**ACTION ITEM**
Set the images aside and retype the whole listing exactly.

**DATA**
------------------------------
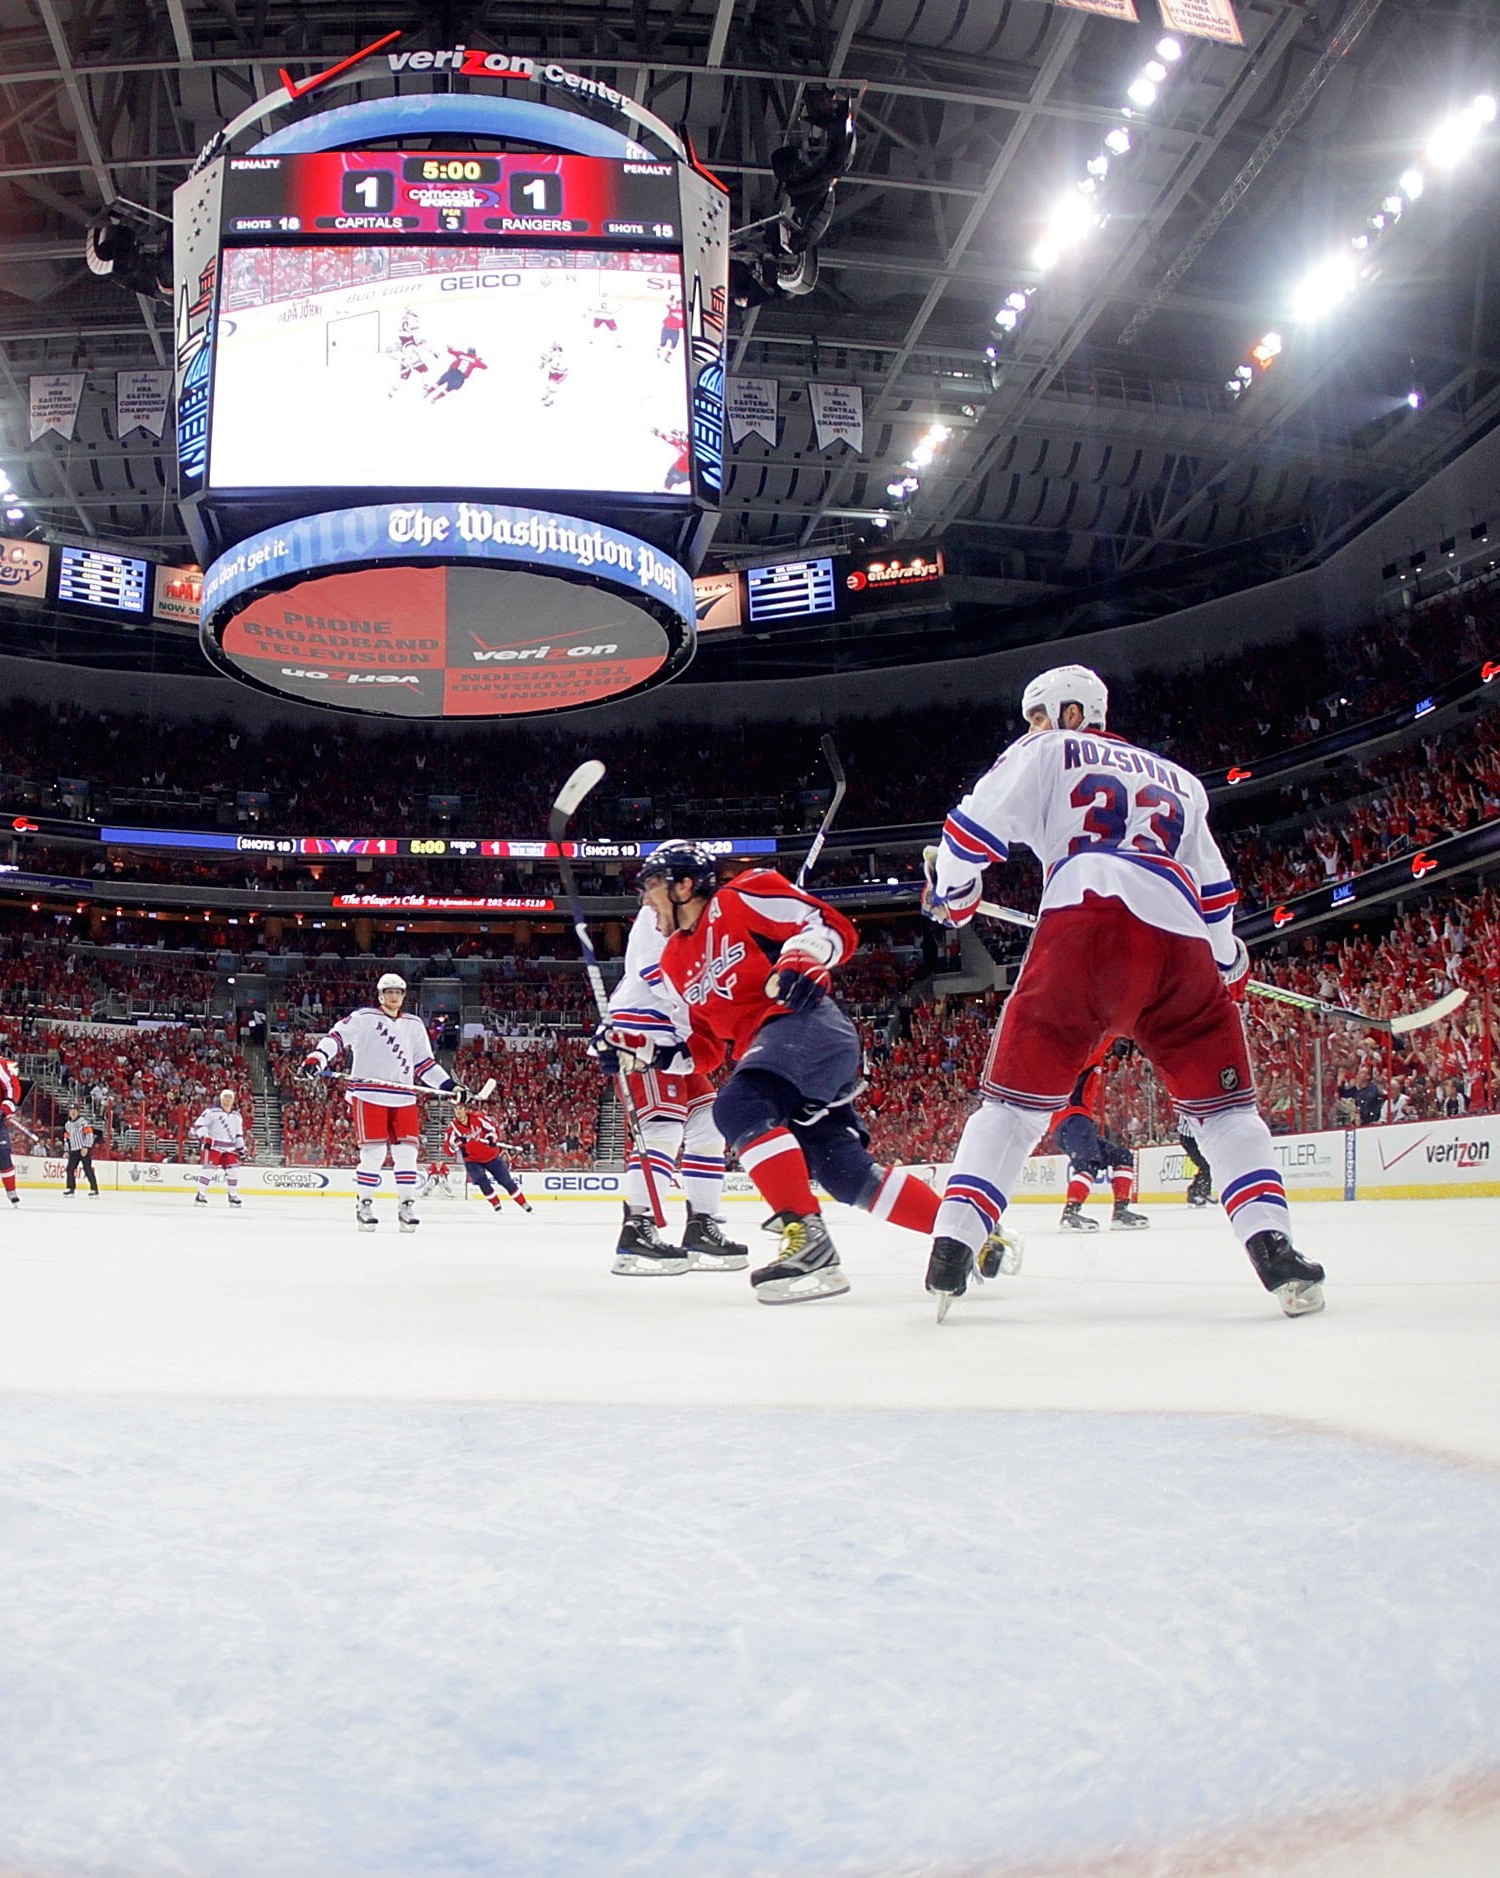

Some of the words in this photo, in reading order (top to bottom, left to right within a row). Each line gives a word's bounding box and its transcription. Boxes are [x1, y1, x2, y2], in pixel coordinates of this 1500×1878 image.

[388, 45, 533, 79] verizon
[545, 64, 631, 107] Center
[231, 160, 280, 170] PENALTY
[423, 161, 481, 180] 5:00
[623, 163, 672, 176] PENALTY
[356, 176, 378, 208] 1
[409, 188, 475, 200] comcast
[523, 179, 546, 210] 1
[442, 208, 461, 217] PER
[237, 220, 272, 230] SHOTS
[335, 217, 403, 229] CAPITALS
[446, 217, 459, 230] 3
[502, 218, 572, 231] RANGERS
[609, 223, 643, 234] SHOTS
[440, 273, 521, 292] GEICO
[729, 413, 775, 421] CHAMPIONS
[822, 406, 857, 414] CENTRAL
[822, 413, 856, 421] DIVISION
[817, 420, 861, 428] CHAMPIONS
[388, 508, 450, 547] The
[456, 502, 636, 573] Washington
[637, 546, 679, 595] Post
[219, 556, 246, 586] don't
[248, 548, 271, 572] get
[273, 540, 290, 560] it.
[867, 564, 938, 582] enterasys
[159, 601, 185, 613] NOW
[284, 611, 393, 634] PHONE
[244, 622, 440, 650] BROADBAND
[255, 640, 430, 663] TELEVISION
[473, 644, 618, 661] verizon
[281, 668, 420, 684] verizon
[1416, 697, 1433, 713] EMC
[1064, 738, 1190, 799] ROZSIVAL
[1068, 773, 1186, 860] 33
[376, 840, 386, 853] 1
[410, 840, 445, 854] 5:00
[1333, 884, 1352, 900] EMC
[341, 895, 359, 905] The
[362, 895, 399, 908] Player's
[402, 895, 425, 906] Club
[487, 899, 546, 907] 202-661-5110
[376, 1022, 410, 1074] RANGERS
[1346, 1130, 1355, 1188] Reebok
[1426, 1137, 1490, 1167] verizon
[43, 1160, 66, 1180] State
[266, 1170, 312, 1183] comcast
[544, 1177, 619, 1190] GEICO
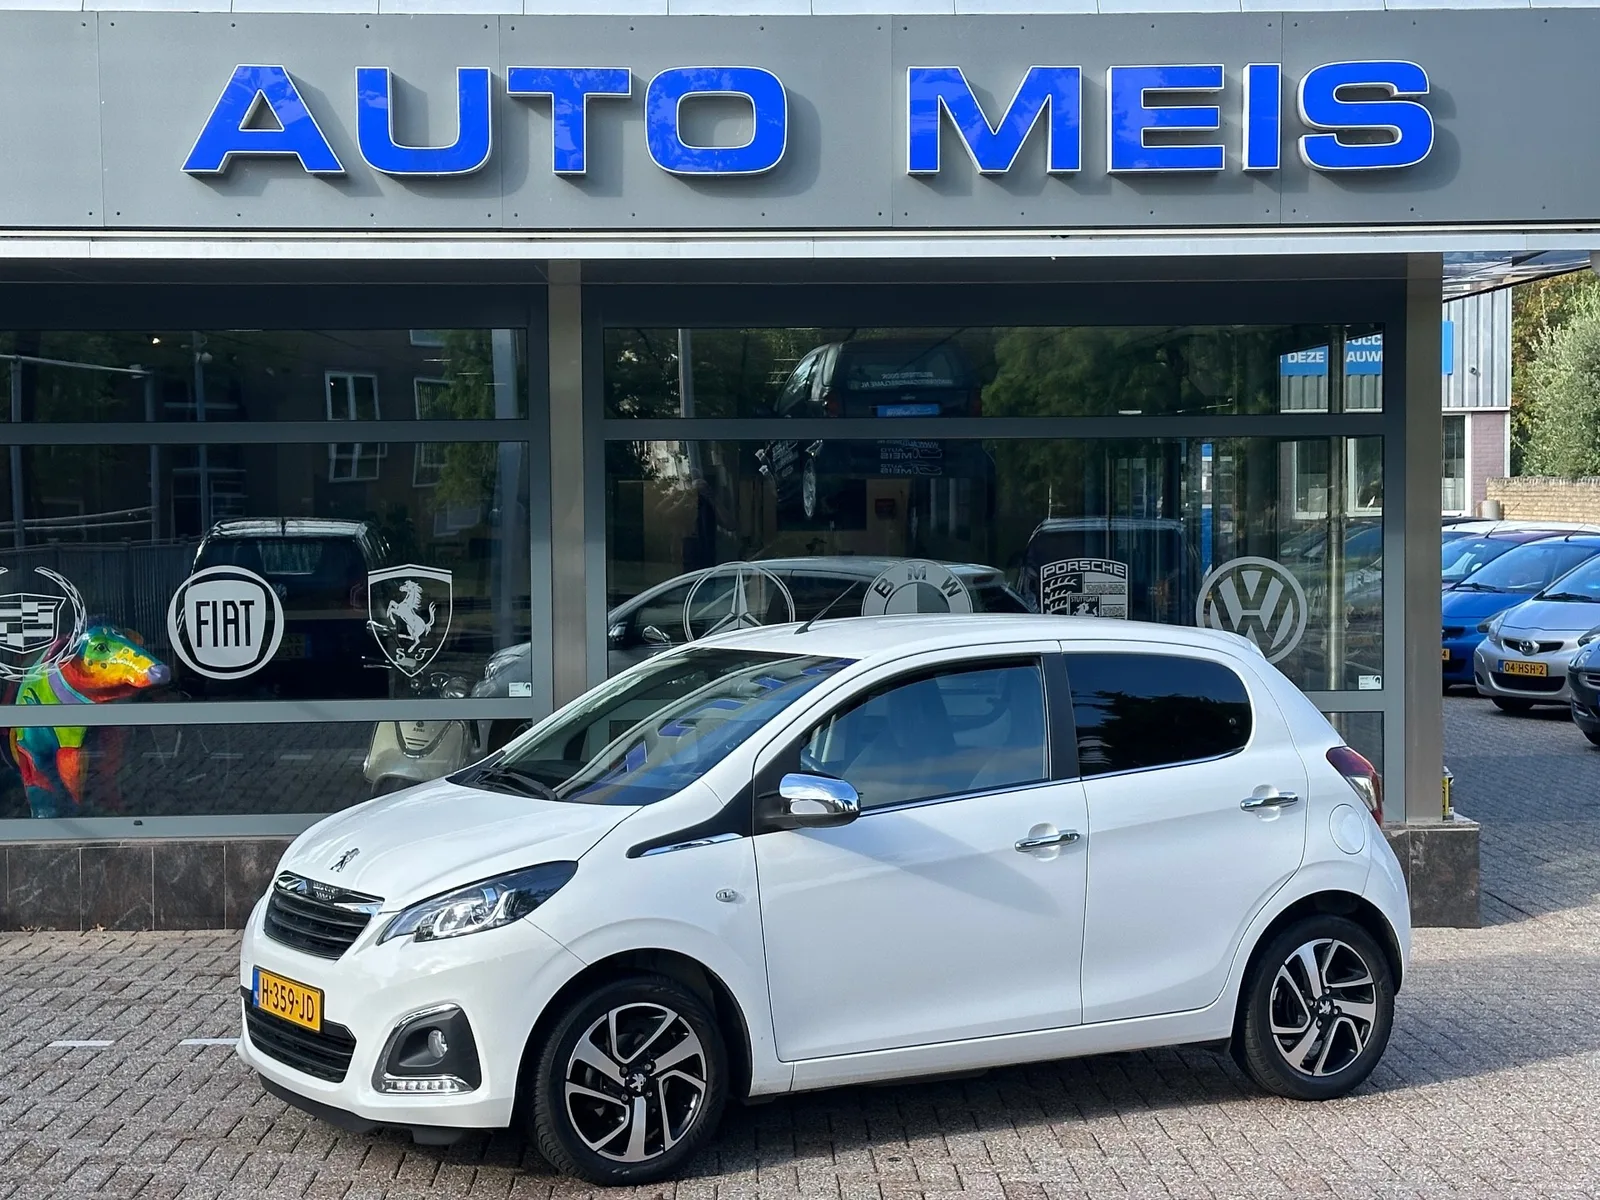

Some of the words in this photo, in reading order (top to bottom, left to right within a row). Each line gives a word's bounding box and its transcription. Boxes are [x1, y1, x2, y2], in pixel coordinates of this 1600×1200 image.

[180, 63, 790, 177] AUTO
[906, 59, 1435, 176] MEIS
[1287, 351, 1325, 363] DEZE
[1345, 350, 1383, 363] AUW
[873, 564, 963, 599] BMW
[1043, 560, 1126, 579] PORSCHE
[195, 599, 255, 648] FIAT
[1504, 661, 1545, 675] 04-HSH-2
[262, 977, 315, 1022] H-359-JD
------------------------------
**EXERCISE RESPONSE**
Some of the words in this photo, in reading order (top to bottom, left to right within a row). Each line gives a word's bounding box and its transcription. Boxes are [x1, y1, x2, y2], in pixel coordinates of this 1500×1878 image.

[388, 45, 533, 79] verizon
[545, 64, 631, 107] Center
[231, 160, 280, 170] PENALTY
[423, 161, 481, 180] 5:00
[623, 163, 672, 176] PENALTY
[356, 176, 378, 208] 1
[409, 188, 475, 200] comcast
[523, 179, 546, 210] 1
[442, 208, 461, 217] PER
[237, 220, 272, 230] SHOTS
[335, 217, 403, 229] CAPITALS
[446, 217, 459, 230] 3
[502, 218, 572, 231] RANGERS
[609, 223, 643, 234] SHOTS
[440, 273, 521, 292] GEICO
[729, 413, 775, 421] CHAMPIONS
[822, 406, 857, 414] CENTRAL
[822, 413, 856, 421] DIVISION
[817, 420, 861, 428] CHAMPIONS
[388, 508, 450, 547] The
[456, 502, 636, 573] Washington
[637, 546, 679, 595] Post
[219, 556, 246, 586] don't
[248, 548, 271, 572] get
[273, 540, 290, 560] it.
[867, 564, 938, 582] enterasys
[159, 601, 185, 613] NOW
[284, 611, 393, 634] PHONE
[244, 622, 440, 650] BROADBAND
[255, 640, 430, 663] TELEVISION
[473, 644, 618, 661] verizon
[281, 668, 420, 684] verizon
[1416, 697, 1433, 713] EMC
[1064, 738, 1190, 799] ROZSIVAL
[1068, 773, 1186, 860] 33
[376, 840, 386, 853] 1
[410, 840, 445, 854] 5:00
[1333, 884, 1352, 900] EMC
[341, 895, 359, 905] The
[362, 895, 399, 908] Player's
[402, 895, 425, 906] Club
[487, 899, 546, 907] 202-661-5110
[376, 1022, 410, 1074] RANGERS
[1346, 1130, 1355, 1188] Reebok
[1426, 1137, 1490, 1167] verizon
[43, 1160, 66, 1180] State
[266, 1170, 312, 1183] comcast
[544, 1177, 619, 1190] GEICO

Some of the words in this photo, in reading order (top to bottom, left to right within a row). Each line gives a word's bounding box and its transcription. Boxes are [x1, y1, x2, y2], in pixel coordinates of this 1600×1200 image.

[180, 63, 790, 177] AUTO
[906, 59, 1435, 176] MEIS
[1287, 351, 1325, 363] DEZE
[1345, 350, 1383, 363] AUW
[873, 564, 963, 599] BMW
[1043, 560, 1126, 579] PORSCHE
[195, 599, 255, 648] FIAT
[1504, 661, 1545, 675] 04-HSH-2
[262, 977, 315, 1022] H-359-JD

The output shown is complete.